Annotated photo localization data
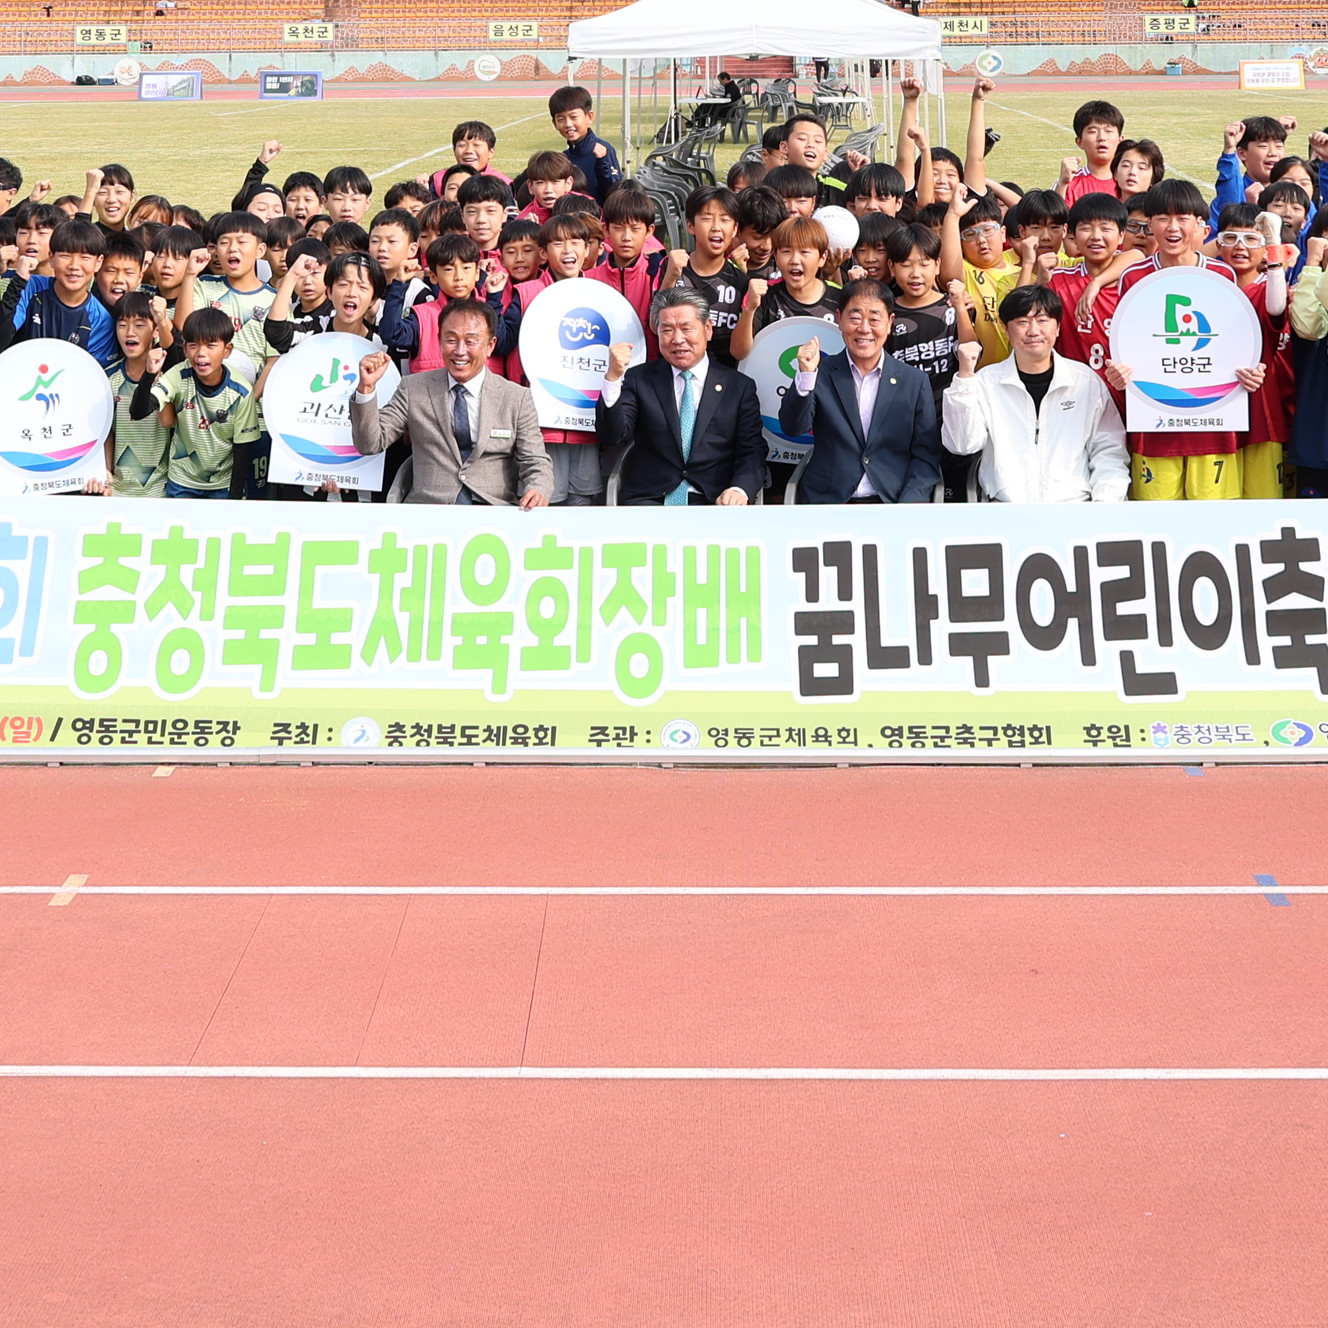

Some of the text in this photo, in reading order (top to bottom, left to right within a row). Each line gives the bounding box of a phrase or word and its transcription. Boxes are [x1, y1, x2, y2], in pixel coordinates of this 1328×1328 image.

[287, 25, 328, 38] 옥천군
[494, 24, 534, 37] 음성군
[943, 19, 983, 32] 제천시
[1149, 17, 1190, 30] 증평군
[80, 28, 122, 41] 영동군
[717, 285, 736, 304] 10
[560, 355, 608, 373] 진천군
[1089, 343, 1104, 370] 8
[1162, 356, 1212, 374] 단양군
[299, 401, 356, 420] 괴산
[1167, 418, 1224, 427] 충청북도체육회
[20, 423, 74, 441] 옥천군
[252, 456, 267, 480] 19
[1213, 460, 1224, 484] 7
[32, 477, 84, 491] 충청북도체육회
[73, 521, 762, 698] 충청북도체육회장배
[71, 718, 241, 748] 영동군민운동장
[270, 722, 319, 746] 주최
[385, 722, 557, 748] 충청북도체육회
[588, 725, 638, 748] 주관
[880, 723, 1052, 748] 영동군축구협회
[1083, 723, 1132, 748] 후원
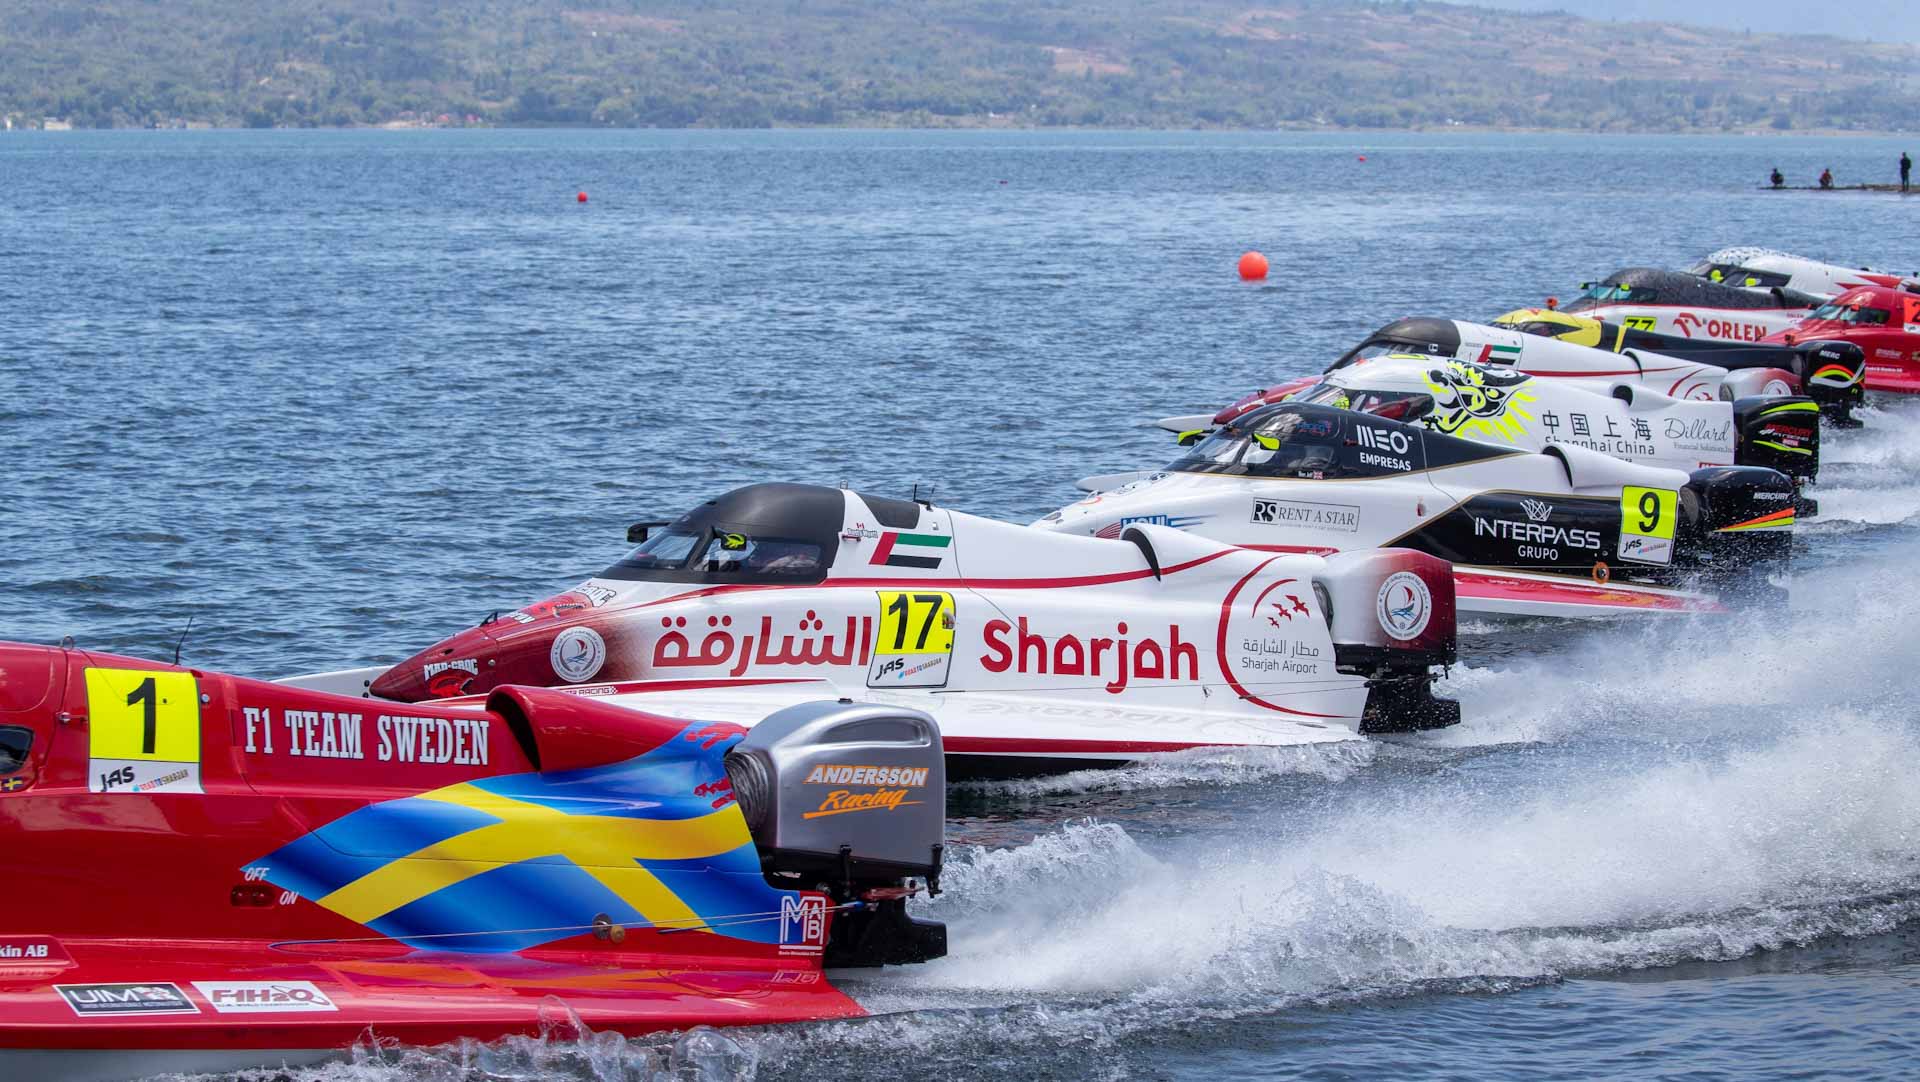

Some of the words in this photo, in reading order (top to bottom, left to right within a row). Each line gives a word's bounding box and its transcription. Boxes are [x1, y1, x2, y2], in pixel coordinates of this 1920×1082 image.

[1625, 319, 1655, 332] 77
[1707, 319, 1767, 342] ORLEN
[1542, 410, 1653, 441] 中国上海
[1664, 417, 1731, 442] Dillard
[1616, 439, 1655, 455] China
[1359, 452, 1412, 472] EMPRESAS
[1753, 492, 1791, 500] MERCURY
[1278, 506, 1313, 523] RENT
[1313, 510, 1323, 523] A
[1326, 510, 1356, 526] STAR
[1638, 491, 1660, 533] 9
[1474, 517, 1601, 550] INTERPASS
[1517, 544, 1559, 561] GRUPO
[888, 593, 944, 650] 17
[652, 609, 872, 677] الشارقة
[1243, 638, 1287, 656] الشارقة
[1291, 640, 1319, 658] مطار
[979, 616, 1199, 694] Sharjah
[1241, 657, 1280, 672] Sharjah
[1282, 660, 1318, 675] Airport
[424, 658, 479, 681] MAD-CROC
[875, 657, 905, 681] JAS
[126, 677, 157, 754] 1
[243, 707, 273, 754] F1
[284, 709, 365, 760] TEAM
[377, 714, 490, 766] SWEDEN
[100, 766, 135, 792] JAS
[805, 765, 929, 787] ANDERSSON
[818, 787, 910, 811] Racing
[244, 867, 271, 881] OFF
[279, 890, 300, 906] ON
[24, 944, 48, 957] AB
[68, 989, 141, 1003] UIM

PROMPT
Write out the data precisely as given, excluding the pictures.

ANSWER TO THIS EXERCISE
Some of the text in this photo, in reading order (top to bottom, left to right within a row). Each line gives the bounding box of a phrase or word and its transcription. Boxes are [x1, y1, x2, y2], in pixel coordinates of this 1328×1328 image.

[287, 25, 328, 38] 옥천군
[494, 24, 534, 37] 음성군
[943, 19, 983, 32] 제천시
[1149, 17, 1190, 30] 증평군
[80, 28, 122, 41] 영동군
[717, 285, 736, 304] 10
[560, 355, 608, 373] 진천군
[1089, 343, 1104, 370] 8
[1162, 356, 1212, 374] 단양군
[299, 401, 356, 420] 괴산
[1167, 418, 1224, 427] 충청북도체육회
[20, 423, 74, 441] 옥천군
[252, 456, 267, 480] 19
[1213, 460, 1224, 484] 7
[32, 477, 84, 491] 충청북도체육회
[73, 521, 762, 698] 충청북도체육회장배
[71, 718, 241, 748] 영동군민운동장
[270, 722, 319, 746] 주최
[385, 722, 557, 748] 충청북도체육회
[588, 725, 638, 748] 주관
[880, 723, 1052, 748] 영동군축구협회
[1083, 723, 1132, 748] 후원

Some of the words in this photo, in reading order (top to bottom, left to right within a row). Each line gives a word's bounding box and its transcription. Boxes are [x1, y1, x2, y2], in pixel coordinates of this 1920×1082 image.

[1625, 319, 1655, 332] 77
[1707, 319, 1767, 342] ORLEN
[1542, 410, 1653, 441] 中国上海
[1664, 417, 1731, 442] Dillard
[1616, 439, 1655, 455] China
[1359, 452, 1412, 472] EMPRESAS
[1753, 492, 1791, 500] MERCURY
[1278, 506, 1313, 523] RENT
[1313, 510, 1323, 523] A
[1326, 510, 1356, 526] STAR
[1638, 491, 1660, 533] 9
[1474, 517, 1601, 550] INTERPASS
[1517, 544, 1559, 561] GRUPO
[888, 593, 944, 650] 17
[652, 609, 872, 677] الشارقة
[1243, 638, 1287, 656] الشارقة
[1291, 640, 1319, 658] مطار
[979, 616, 1199, 694] Sharjah
[1241, 657, 1280, 672] Sharjah
[1282, 660, 1318, 675] Airport
[424, 658, 479, 681] MAD-CROC
[875, 657, 905, 681] JAS
[126, 677, 157, 754] 1
[243, 707, 273, 754] F1
[284, 709, 365, 760] TEAM
[377, 714, 490, 766] SWEDEN
[100, 766, 135, 792] JAS
[805, 765, 929, 787] ANDERSSON
[818, 787, 910, 811] Racing
[244, 867, 271, 881] OFF
[279, 890, 300, 906] ON
[24, 944, 48, 957] AB
[68, 989, 141, 1003] UIM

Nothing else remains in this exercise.